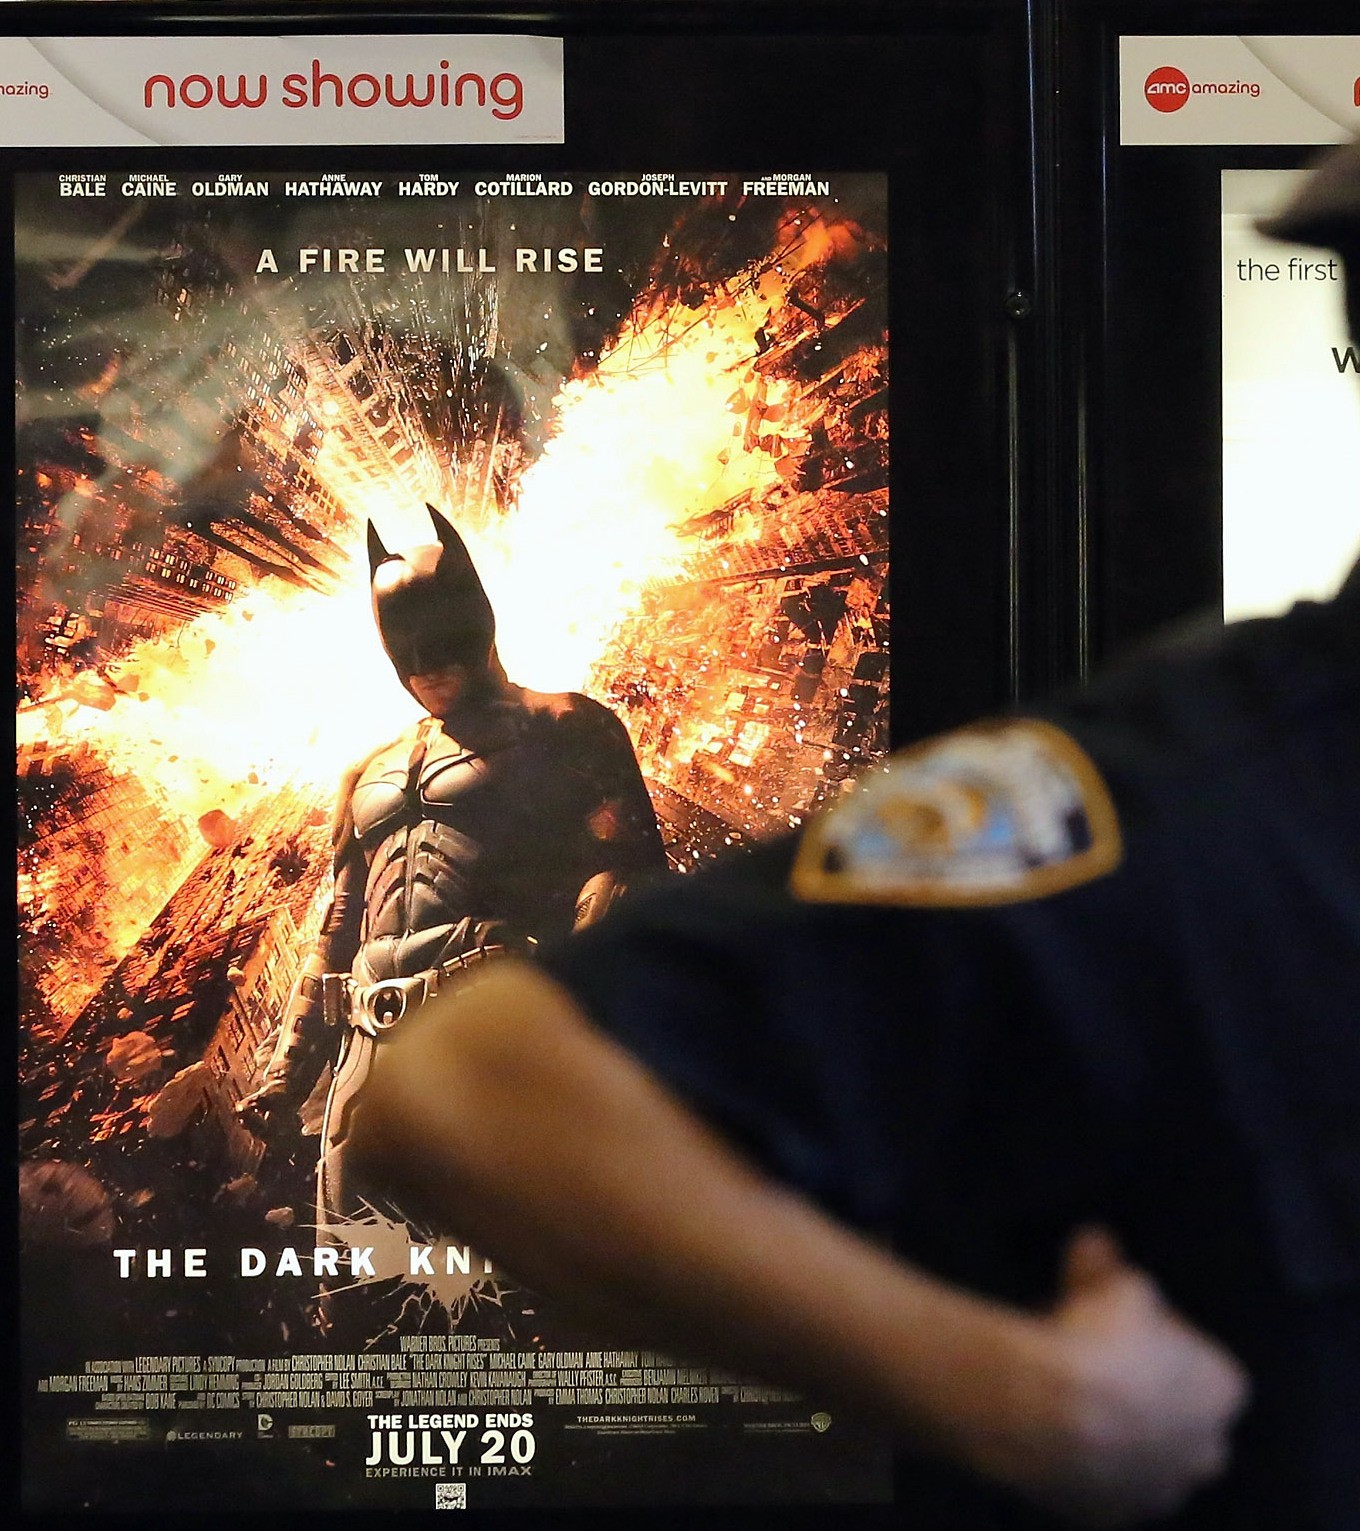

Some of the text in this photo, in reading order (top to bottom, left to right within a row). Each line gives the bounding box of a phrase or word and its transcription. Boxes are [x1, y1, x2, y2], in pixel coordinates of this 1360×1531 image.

[0, 81, 49, 99] azing
[144, 59, 523, 120] now showing
[1192, 80, 1260, 97] amazing
[59, 174, 106, 182] CHRISTIAN
[129, 174, 169, 182] MICHAEL
[218, 174, 243, 182] GARY
[321, 174, 346, 182] ANNE
[419, 174, 439, 182] TOM
[506, 174, 542, 182] MARION
[641, 173, 674, 181] JOSEPH
[60, 183, 106, 196] BALE
[121, 182, 177, 196] CAINE
[191, 182, 269, 196] OLDMAN
[285, 182, 382, 196] HATHAWAY
[399, 181, 459, 196] HARDY
[474, 181, 573, 196] COTILLARD
[588, 181, 728, 196] GORDON-LEVITT
[743, 181, 829, 196] FREEMAN
[256, 249, 604, 273] A FIRE WILL RISE
[1237, 258, 1338, 281] the first
[113, 1249, 208, 1278] THE
[241, 1247, 376, 1277] DARK
[292, 1355, 333, 1371] CHRISTOPHER
[334, 1354, 355, 1371] NOLAN
[358, 1354, 390, 1371] CHRISTIAN
[391, 1354, 407, 1370] BALE
[490, 1353, 516, 1369] MICHAEL
[538, 1353, 555, 1369] GARY
[556, 1352, 583, 1369] OLDMAN
[340, 1373, 350, 1389] LEE
[256, 1392, 298, 1408] CHRISTOPHER
[367, 1414, 533, 1429] THE LEGEND ENDS
[178, 1432, 243, 1440] LEGENDARY
[366, 1430, 536, 1465] JULY 20
[366, 1466, 532, 1478] EXPERIENCE IT IN IMAX
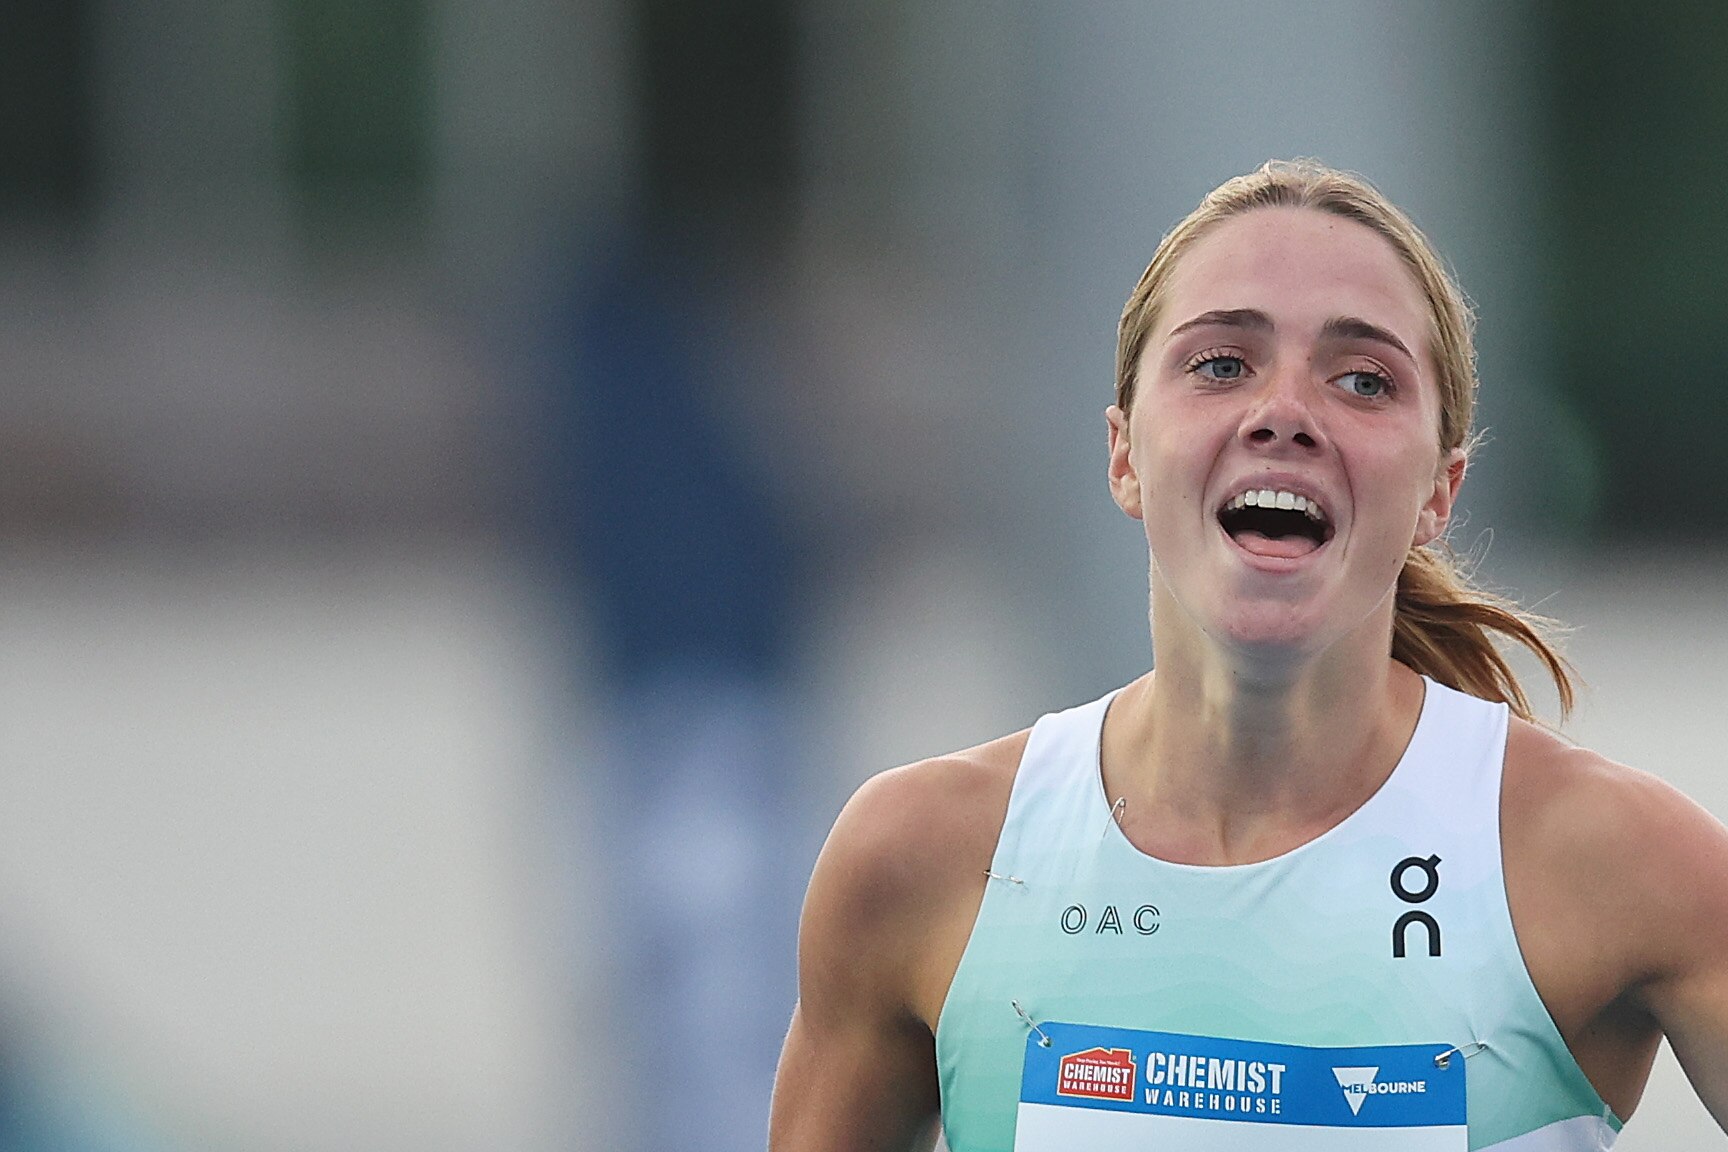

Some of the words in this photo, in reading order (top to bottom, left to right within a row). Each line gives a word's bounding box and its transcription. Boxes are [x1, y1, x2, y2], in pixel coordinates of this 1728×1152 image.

[1060, 902, 1161, 936] OAC
[1062, 1079, 1128, 1095] WAREHOUSE
[1063, 1062, 1131, 1085] CHEMIST
[1145, 1052, 1286, 1095] CHEMIST
[1144, 1087, 1282, 1115] WAREHOUSE

· · ·

Exercise prompt: Where the material contains pictures, leave them out and copy the rest verbatim.

Worked solution:
Some of the text in this photo, in reading order (top to bottom, left to right within a row). Each line gives the bounding box of a phrase or word and its transcription. Boxes are [x1, y1, x2, y2], in pixel coordinates of this 1360×1531 image.

[0, 81, 49, 99] azing
[144, 59, 523, 120] now showing
[1192, 80, 1260, 97] amazing
[59, 174, 106, 182] CHRISTIAN
[129, 174, 169, 182] MICHAEL
[218, 174, 243, 182] GARY
[321, 174, 346, 182] ANNE
[419, 174, 439, 182] TOM
[506, 174, 542, 182] MARION
[641, 173, 674, 181] JOSEPH
[60, 183, 106, 196] BALE
[121, 182, 177, 196] CAINE
[191, 182, 269, 196] OLDMAN
[285, 182, 382, 196] HATHAWAY
[399, 181, 459, 196] HARDY
[474, 181, 573, 196] COTILLARD
[588, 181, 728, 196] GORDON-LEVITT
[743, 181, 829, 196] FREEMAN
[256, 249, 604, 273] A FIRE WILL RISE
[1237, 258, 1338, 281] the first
[113, 1249, 208, 1278] THE
[241, 1247, 376, 1277] DARK
[292, 1355, 333, 1371] CHRISTOPHER
[334, 1354, 355, 1371] NOLAN
[358, 1354, 390, 1371] CHRISTIAN
[391, 1354, 407, 1370] BALE
[490, 1353, 516, 1369] MICHAEL
[538, 1353, 555, 1369] GARY
[556, 1352, 583, 1369] OLDMAN
[340, 1373, 350, 1389] LEE
[256, 1392, 298, 1408] CHRISTOPHER
[367, 1414, 533, 1429] THE LEGEND ENDS
[178, 1432, 243, 1440] LEGENDARY
[366, 1430, 536, 1465] JULY 20
[366, 1466, 532, 1478] EXPERIENCE IT IN IMAX

Some of the words in this photo, in reading order (top to bottom, left to right within a row). Each line gives a word's bounding box and its transcription. Boxes are [x1, y1, x2, y2], in pixel coordinates of this 1728×1152 image.

[1060, 902, 1161, 936] OAC
[1062, 1079, 1128, 1095] WAREHOUSE
[1063, 1062, 1131, 1085] CHEMIST
[1145, 1052, 1286, 1095] CHEMIST
[1144, 1087, 1282, 1115] WAREHOUSE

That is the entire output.